The cresyl violet staining revealed scattered and grouped dark neurons, which were often shrunken and darkly stained, homogenized with loss of discernible internal cell structures. Some of these dark neurons were also albumin positive or showed cytoplasmic microvacuoles indicating an active pathologic process. There were no hemorrhages and no discernible glial reaction, astrocytic or microglial, adjacent to changed neurons. Changed neurons were seen in all locations, but especially the cortex, hippocampus, and basal ganglia, mixed in among normal neurons (Figure 2). The percentage abnormal neurons is roughly appreciated to be maximally around 2%, but in some restricted areas they dominated the picture.
Figure 2. Photomicrograph of sections of brain from an RF EMF-exposed rat stained with cresyl violet. (A) Row of nerve cells in a section of the pyramidal cell band of the hippocampus; among the normal nerve cells (large cells) are interspersed black and shrunken nerve cells, so-called dark neurons. (B) The cortex, top left, of an RF EMF-exposed rat showing normal nerve cells (pale blue) intermingled with abnormal, black and shrunken "dark neurons" at all depths of the cortex, but least in the superficial upper layers. Magnification, 160.
The occurrence of dark neurons under the different exposure conditions is presented in Figure 3, which shows a significant positive relation between EMF dosage (SAR) and number of dark neurons.
A combined nonparametric test for the four exposure situations simultaneously revealed that the distributions of scores differed significantly between the groups (p <>
We present here for the first time evidence for neuronal damage caused by nonthermal microwave exposure. The cortex as well as the hippocampus and the basal ganglia in the brains of exposed rats contained damaged neurons. We realize that our study comprises few animals, but the combined results are highly significant and exhibit a clear dose-response relation.
We considered the observed dark neurons not to be artifacts for the following reasons: first, the brains were removed atraumatically and perfusion fixed in situ; second, the dark neurons were intermingled with normal-appearing neurons (see Figure 2). Also, the presence of vacuoles in several of the dark neurons is a clear sign that damage occurred in the living animal. We cannot exclude that the neuronal change described may represent apoptotic cell death.
The neuronal albumin uptake and other changes described would seem to indicate serious neuronal damage, which may be mediated through organelle damage with release of not only hydrolytic lysosomal enzymes but also, for example, sequestered harmful material, such as heavy metals, stored away in cytoplasmic organelles (lysosomes).

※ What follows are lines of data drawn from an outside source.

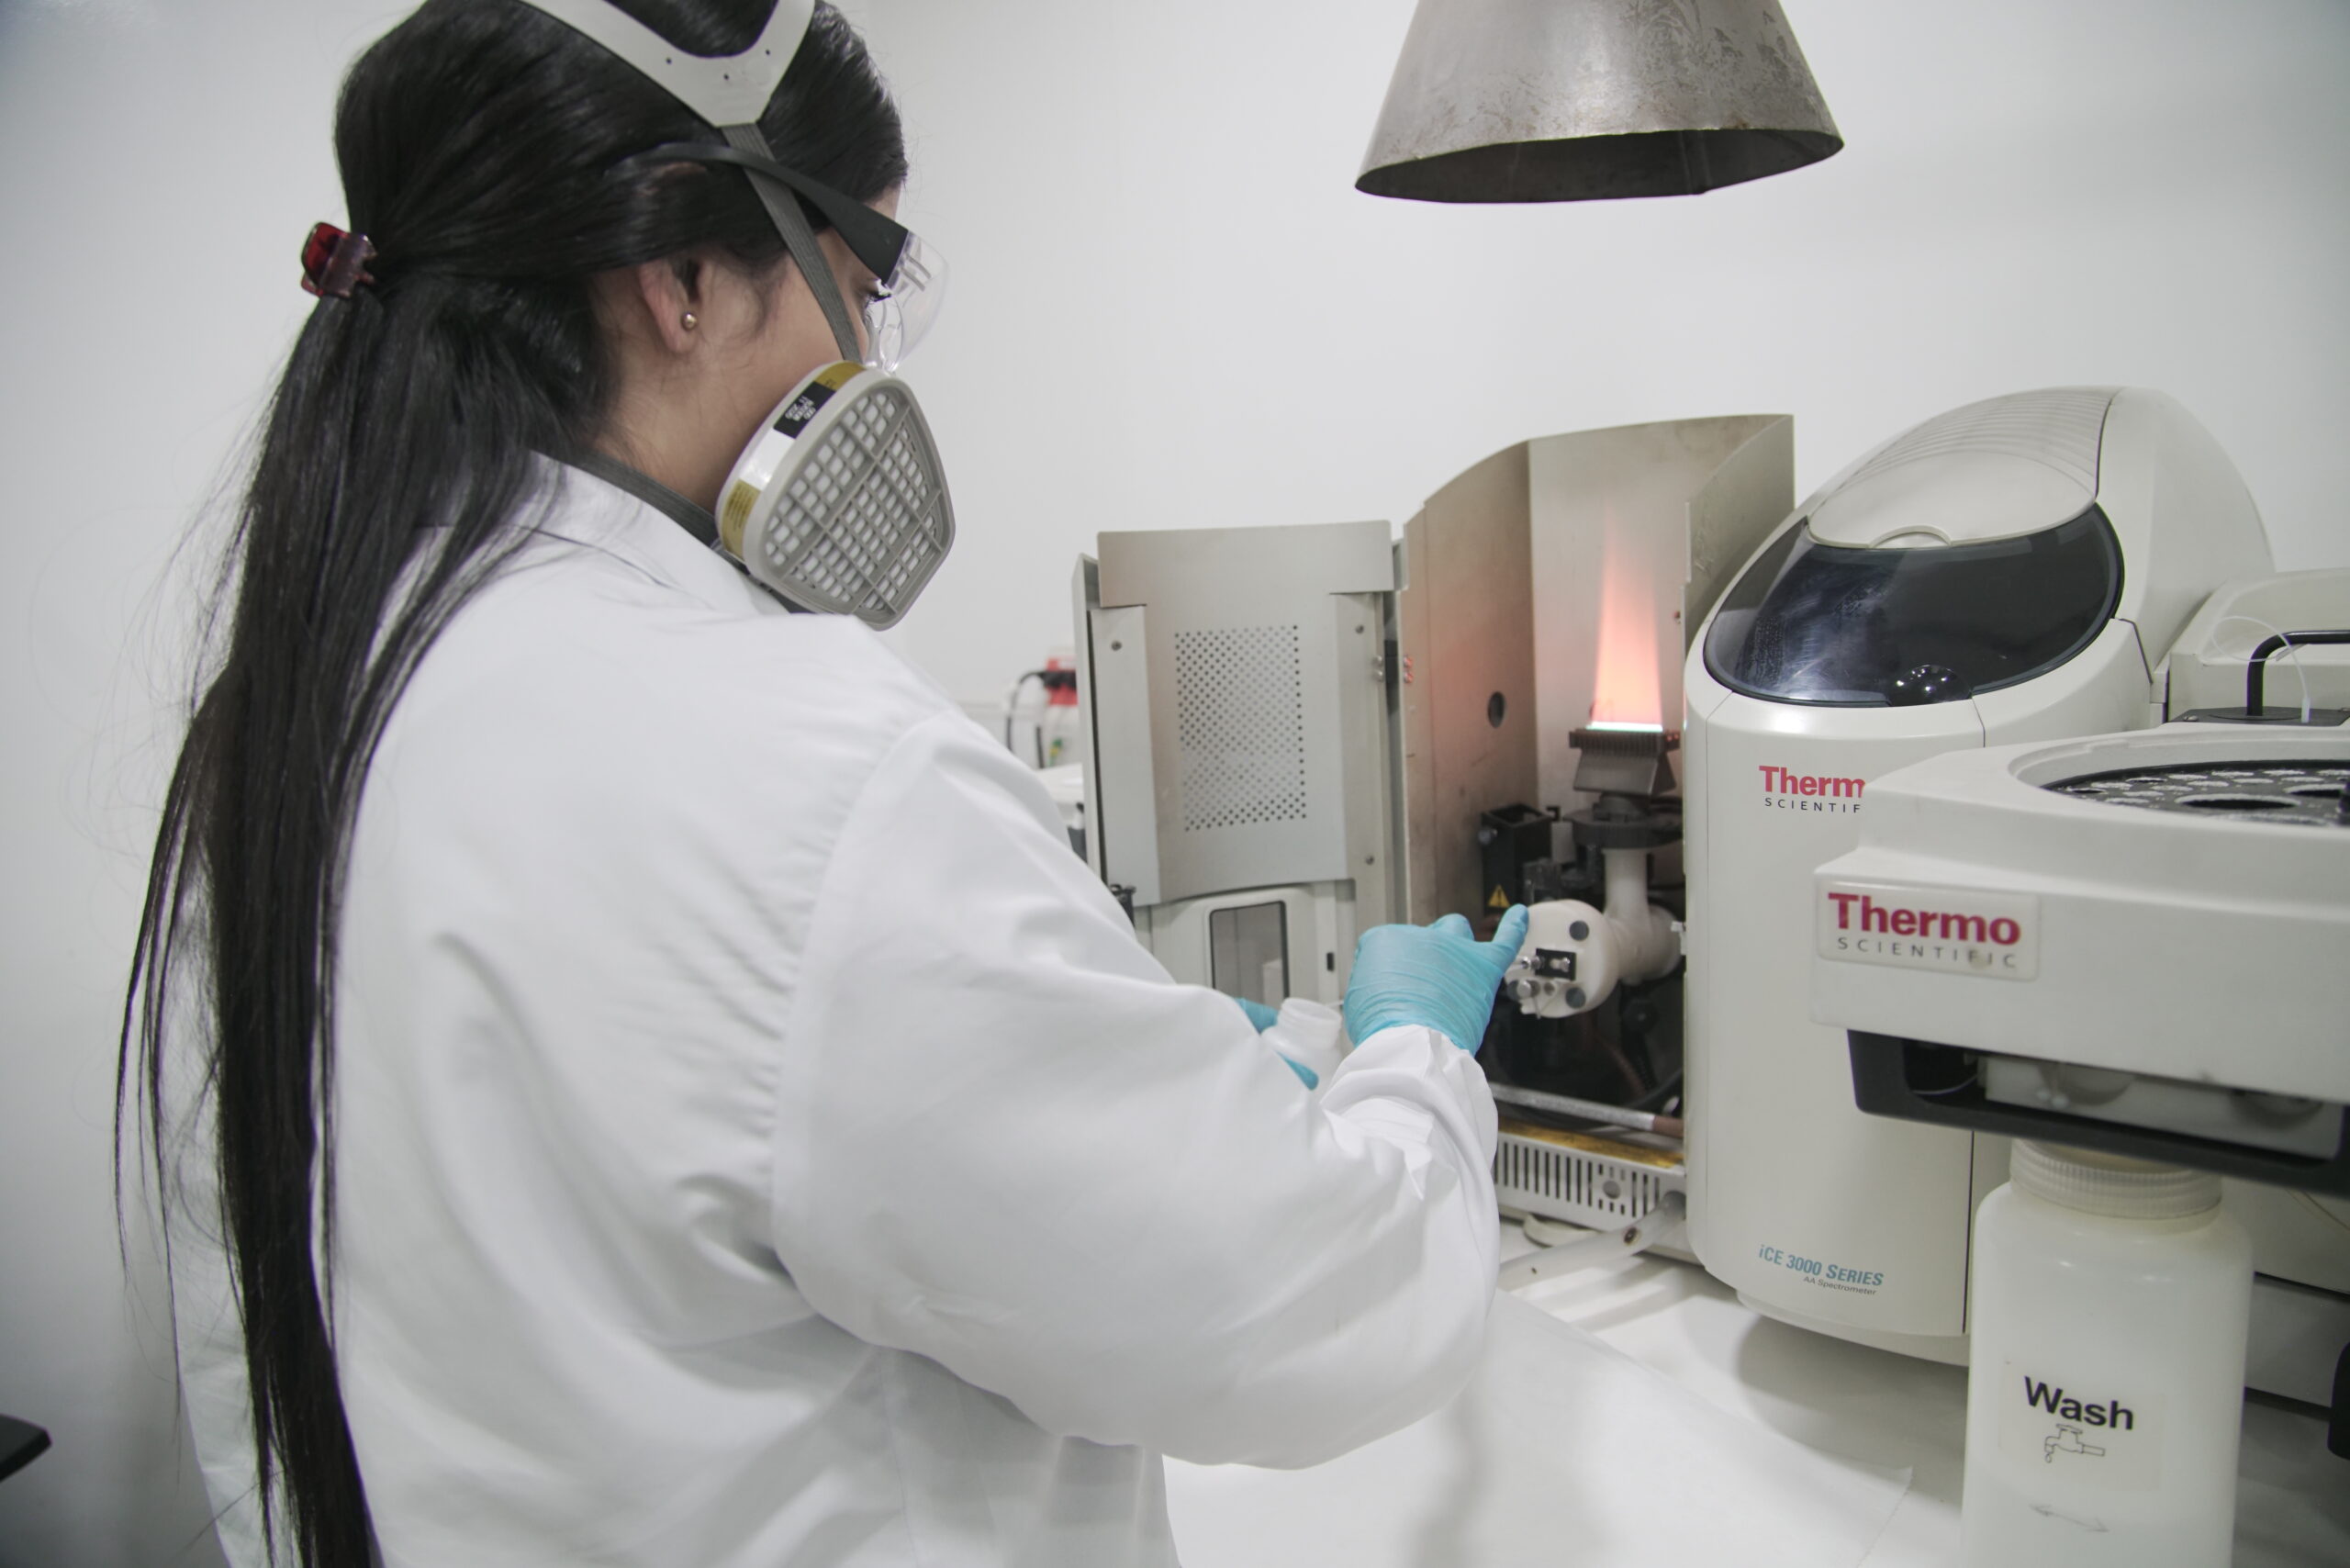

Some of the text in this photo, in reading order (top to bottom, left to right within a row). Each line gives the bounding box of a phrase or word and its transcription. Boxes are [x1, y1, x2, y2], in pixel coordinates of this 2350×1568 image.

[1759, 765, 1866, 799] Therm
[1764, 797, 1862, 813] SCIENTIF
[1828, 891, 2022, 946] Thermo
[1838, 936, 2017, 969] SCIENTIFIC
[1758, 1244, 1885, 1286] iCE 3000 SERIES
[1803, 1275, 1877, 1296] AA Spectrometer
[2024, 1375, 2134, 1430] Wash

The time between last exposure and sacrifice is of great importance for the detection of foci of leakage because extravasated albumin rapidly diffuses down to, and beyond, concentrations possible to demonstrate accurately immunohistologically. However, the initial albumin leakage into the brain tissue (seen within hours in ~40% of exposed animals in our previous studies) may start a secondary blood-brain barrier opening, leading to a vicious circle--because we demonstrate albumin leakage even 8 weeks after the exposure.
We chose 12-26-week-old rats because they are comparable with human teenagers--notably frequent users of mobile phones--with respect to age. The situation of the growing brain might deserve special concern from society because biologic and maturational processes are particularly vulnerable during the growth process. The intense use of mobile phones by youngsters is a serious consideration. A neuronal damage of the kind described here may not have immediately demonstrable consequences, even if repeated. In the long run, however, it may result in reduced brain reserve capacity that might be unveiled by other later neuronal disease or even the wear and tear of aging. We cannot exclude that after some decades of (often) daily use, a whole generation of users may suffer negative effects, perhaps as early as in middle age.
Correction
Figure 1 in the original manuscript was cited in "Materials and Methods" and illustrated albumin leakage that we had reported earlier. The figure showed examples of cross-sections of the brains of rats sacrificed immediately after exposure to microwaves. Because this could be misunderstood, in the interest of clarity and with the permission of the editor, we have replaced that figure.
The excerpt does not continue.